The bottom line is, in ‘industrialized’ and well as ‘developing’ nations, people are tired of being lied to, ripped off and abused by the system. They’re threatened, angry and resentful. And while they may not be willing or capable of building an IED or flying a Cessna into a building, they can weld up a caltrop, click on a mouse, or squeeze a little Krazy Glue into the locks of the local bank that’s foreclosing on them or their neighbors.

In each case, the result is the personal satisfaction of fighting back, and disruption ranging from minimal to massive. ROI – economic and emotional – is massive in every case. (Cost of a tube of Krazy Glue: $4. Cost of a locksmith for an hour and new hardware and keys: $300. Cost of lost business and angry customers: pick a number. Watching it all while burning a couple dubes across the street in the park.

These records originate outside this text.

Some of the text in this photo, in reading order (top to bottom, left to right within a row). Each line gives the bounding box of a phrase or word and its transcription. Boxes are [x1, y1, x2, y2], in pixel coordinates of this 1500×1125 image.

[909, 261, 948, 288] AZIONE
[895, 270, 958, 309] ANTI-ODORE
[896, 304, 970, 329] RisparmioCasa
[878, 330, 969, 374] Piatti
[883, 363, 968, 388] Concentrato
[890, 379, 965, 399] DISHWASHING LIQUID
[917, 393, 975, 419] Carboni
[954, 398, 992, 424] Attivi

Priceless.)

Now consider angry, idle, disenfranchised folks with access to modern arms, a garage ‘fab lab’, or a DNA sequencer purchased on EBay . . .

If there is to be a future for humankind that is not ‘nasty, brutish and short’, it will be based on a concept of Mutually Assured Security. (Exactly the opposite of the concept of Mutually Assured Destruction that ‘guided’ US foreign policy for so long.) Our world is just too big, too fast, too interconnected, and too well armed and capable for some of us to be secure if others are in peril.

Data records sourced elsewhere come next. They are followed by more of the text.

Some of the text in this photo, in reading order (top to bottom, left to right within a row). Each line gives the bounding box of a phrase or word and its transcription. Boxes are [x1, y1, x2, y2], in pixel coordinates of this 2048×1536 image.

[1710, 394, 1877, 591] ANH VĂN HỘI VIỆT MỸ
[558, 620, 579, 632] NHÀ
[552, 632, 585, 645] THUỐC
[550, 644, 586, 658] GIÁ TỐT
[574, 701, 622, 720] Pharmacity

Until we recognize that ‘we’ cannot be secure unless ‘they’ are also secure, and begin to design and bring forward what John Robb of Global Guerillas calls ‘mutually beneficial templates for success’, humanity is on a fast track to the ultimate undoing.

Bigger bombs, more troops and better surveillance will not reverse this trend – they will accelerate it.

As this week’s events around WikiLeaks and the various actions, reactions and counteractions demonstrate, we’re not in Kansas any more. And that’s just the orchestra tuning. We haven’t gotten to the overture yet, much less the symphony.

Like it or not, we live in an open source world, where small groups and even individuals can successfully take on institutions and nation states with a reasonable chance of winning. ROI is on their side. They can bleed the beast until it either implodes, or lashes out, inflicts collateral damage, and draws in new opponents who can do it greater harm. In an environment like this, as the nuclear command and control computer learned in the classic 1984 movie War Games, ‘The only way to win is not to play.’

Governments around the world had better figure that out and begin to deliver genuine security, justice and prosperity for all, or leaked memos and a thumping at the ballot box will be the least of their worries.